A lesson in how to select the best currency pair to trade with trend strength
How do you choose the best currency pair to trade? And what do we mean by best? Most of the time we are looking for strong trends, either a reversal in sentiment where the trend reverses or the continuation of an existing trend. But how do we know which is likely to deliver the strongest trend, and the answer is simple. We match the strongest with the weakest and in doing so are likely to see the strongest trend as a result. The indicator we use to do this is the currency strength indicator which highlights instantly and visually which currencies are rising strongly, which are falling strongly and just as important those which are moving sideways and therefore have neither strength or weakness.
00:11
Introduction to Pound Yen Reversal
00:11
The speaker discusses a live trading setup focusing on the Pound Yen currency pair, highlighting a technical reversal driven by increased market volume and the crossover into the London trading session.
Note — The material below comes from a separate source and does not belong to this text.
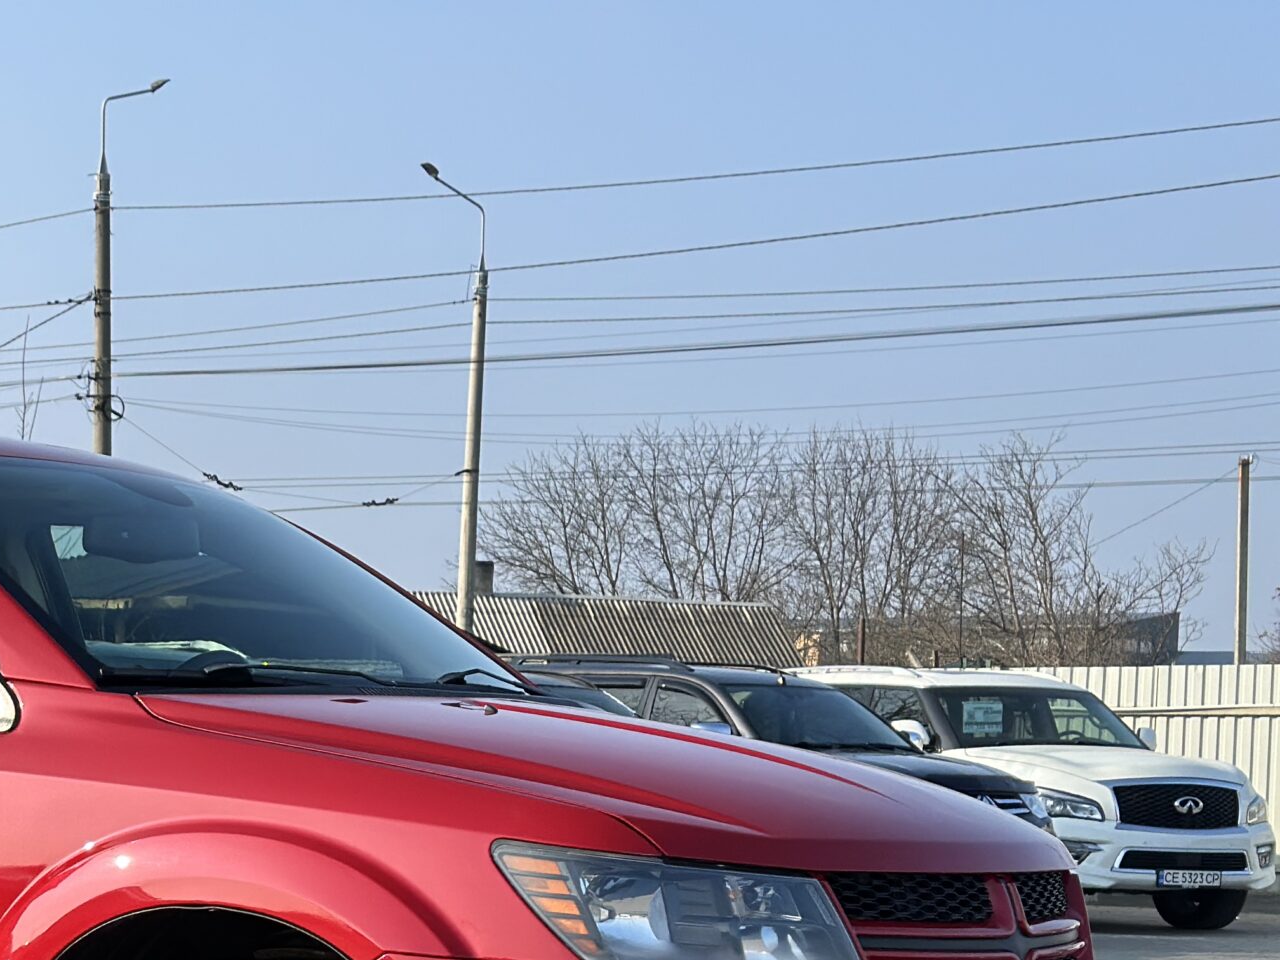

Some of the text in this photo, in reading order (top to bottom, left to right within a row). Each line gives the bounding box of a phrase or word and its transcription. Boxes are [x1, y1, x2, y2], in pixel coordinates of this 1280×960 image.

[1165, 872, 1219, 884] CE 5323 CP
This period is known for typical market behaviors such as reversals, traps, and volatility, which occur daily across various currency pairs. The speaker also mentions monitoring multiple time frames including 15 seconds, 1 minute, 3 minutes, and 5 minutes to capture intraday price movements effectively.
01:10
Yen Sentiment Driving Market Movement
01:10
The segment discusses the current price action on a daily chart, focusing on a potential reversal driven primarily by yen sentiment. The pound is beginning to gain strength, but initially, the trend was weak because the movement was largely influenced by selling pressure on the Japanese yen alone. This caused the price to move sideways with only minor bullish momentum, which is now starting to strengthen, as observed on a shorter 15-second chart.
02:16
Multiple Time Frames and Trend Strength
02:16
The segment explains the transition of trend monitor colors indicating shifts from bearish to bullish momentum. The speaker adjusts the charts for clarity and highlights no changes on the 5 and 10-minute charts, emphasizing the importance of multiple time frames. Strong buying in the British pound and selling in the Japanese yen are driving clear trends. The example of the Aussie yen demonstrates that strong momentum in both currencies leads to a robust trend. Similar strong trends are noted for the euro, New Zealand dollar, and the US dollar, illustrating the effectiveness of the Currency Strength Indicator (CSI) as a comprehensive market overview tool.
04:08
Currency Strength Indicator Explained
04:08
The segment explains the concept of using the Currency Strength Indicator (CSI) as a tool to identify where trading opportunities lie, similar to how a trawler uses sonar to find fish. It highlights that the CSI not only shows where to look for trades but also indicates which trades may be stronger or weaker. The discussion includes examples of currencies like the Swiss franc and the Canadian dollar, noting that some currencies may be moving sideways without a strong trend, making them less attractive for trading. Additionally, it covers the importance of analyzing multiple time frames with the CSI, from one minute to fifteen minutes, to catch early signs of trend reversals or changes in direction, emphasizing that trends often begin on the fastest time frame.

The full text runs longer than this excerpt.